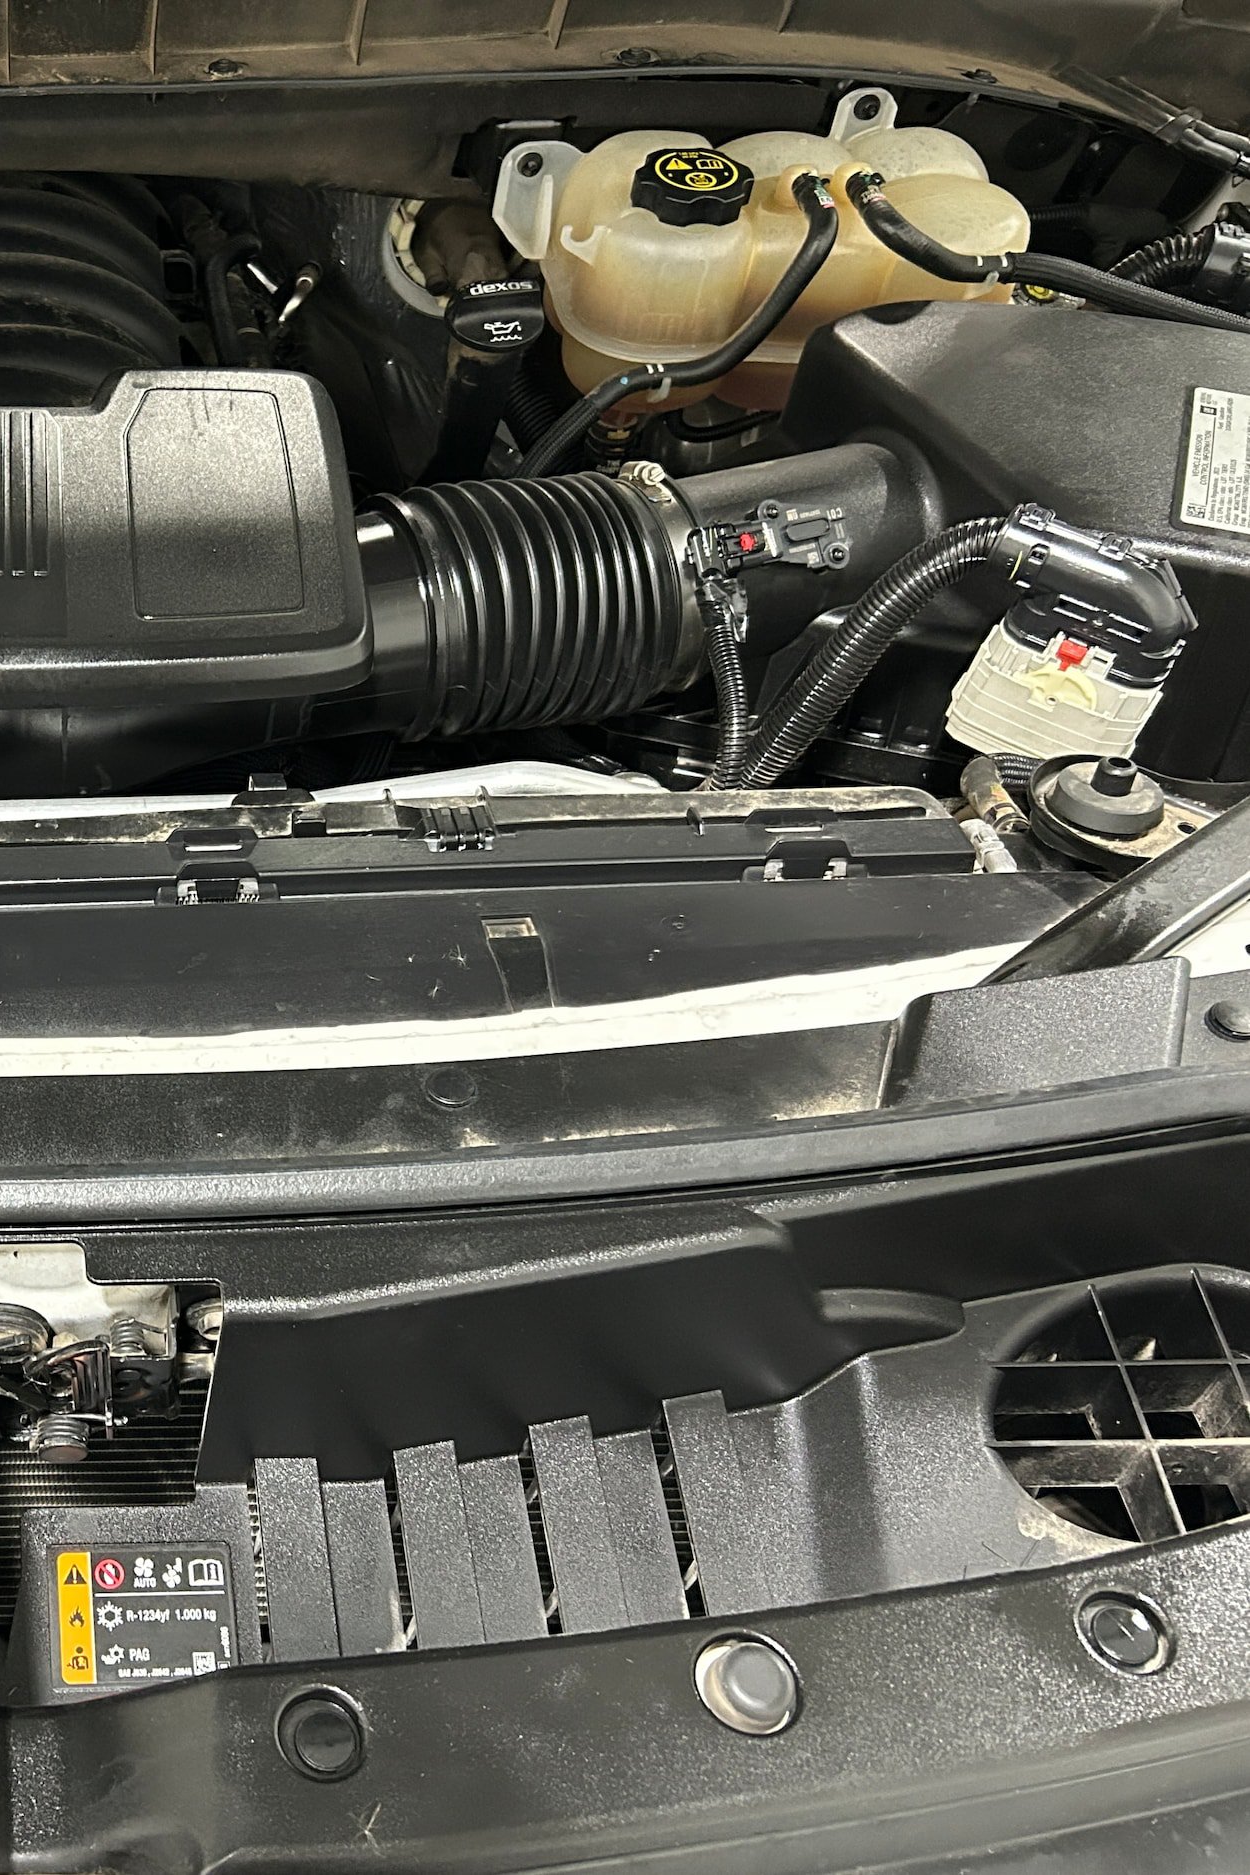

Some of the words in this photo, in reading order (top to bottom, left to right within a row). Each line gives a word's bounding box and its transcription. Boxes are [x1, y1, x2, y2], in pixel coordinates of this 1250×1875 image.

[469, 281, 533, 296] dexos
[133, 1577, 157, 1588] AUTO
[126, 1608, 170, 1624] R-1234yf
[175, 1608, 202, 1621] 1.000
[203, 1608, 217, 1622] kg
[129, 1647, 151, 1661] PAG
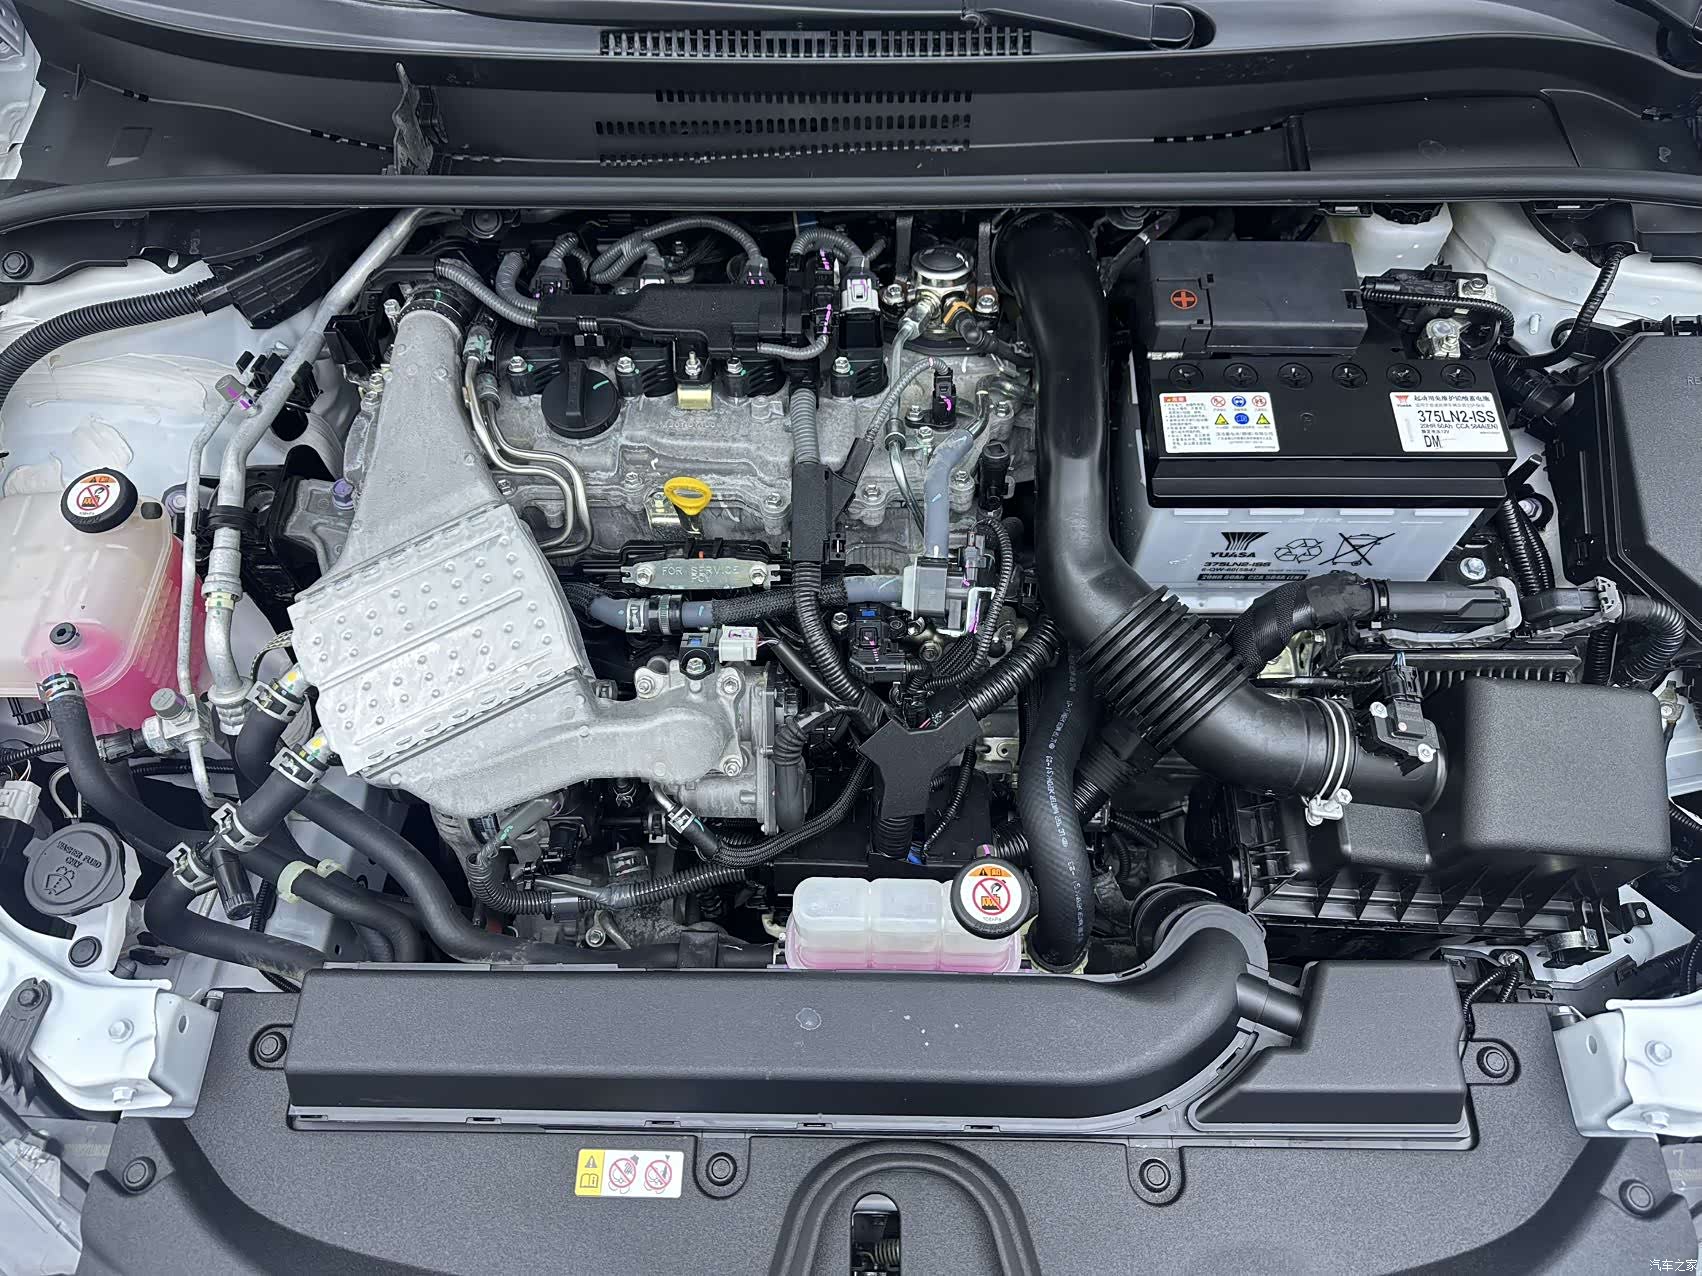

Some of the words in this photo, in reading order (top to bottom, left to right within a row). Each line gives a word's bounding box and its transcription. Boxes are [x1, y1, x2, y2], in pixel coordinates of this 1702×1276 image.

[1417, 410, 1496, 423] 375LN2-ISS
[1424, 434, 1441, 448] DM
[662, 566, 683, 576] FOR
[691, 566, 740, 576] SERVICE
[57, 841, 83, 859] WASHER
[83, 855, 102, 868] FLUID
[65, 857, 83, 868] ONLY
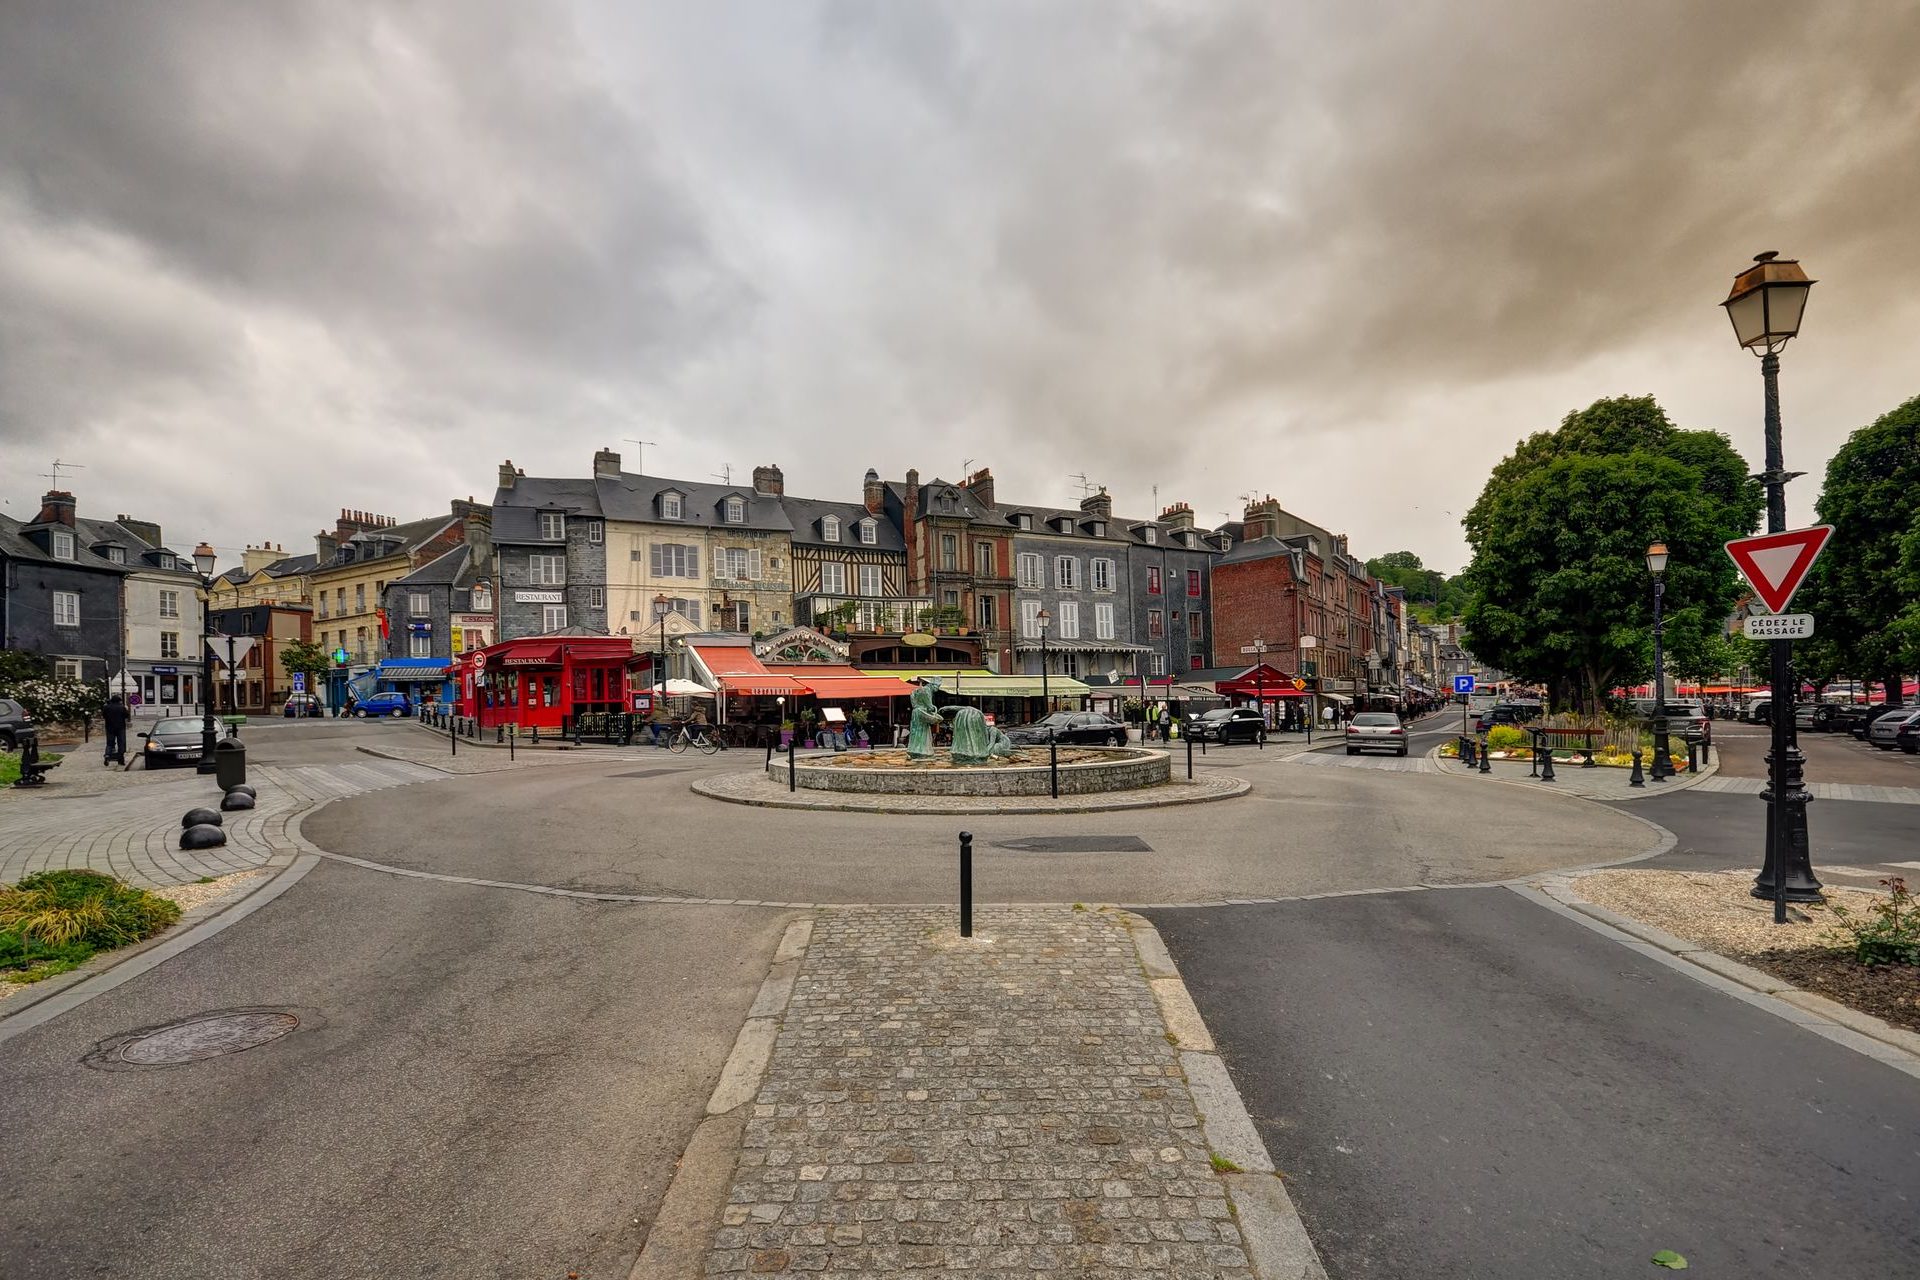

[Exercise aim] The records above need to be given again exactly. Omit the pictures.

[Solution to the problem]
Some of the words in this photo, in reading order (top to bottom, left to right within a row). Each line gives a word's bounding box and its transcription. Boxes are [x1, y1, x2, y2], in pixel coordinates of this 1250×1875 image.

[469, 281, 533, 296] dexos
[133, 1577, 157, 1588] AUTO
[126, 1608, 170, 1624] R-1234yf
[175, 1608, 202, 1621] 1.000
[203, 1608, 217, 1622] kg
[129, 1647, 151, 1661] PAG

Some of the words in this photo, in reading order (top to bottom, left to right within a row). Each line gives a word's bounding box and its transcription. Boxes are [x1, y1, x2, y2], in pixel coordinates of this 1702×1276 image.

[1417, 410, 1496, 423] 375LN2-ISS
[1424, 434, 1441, 448] DM
[662, 566, 683, 576] FOR
[691, 566, 740, 576] SERVICE
[57, 841, 83, 859] WASHER
[83, 855, 102, 868] FLUID
[65, 857, 83, 868] ONLY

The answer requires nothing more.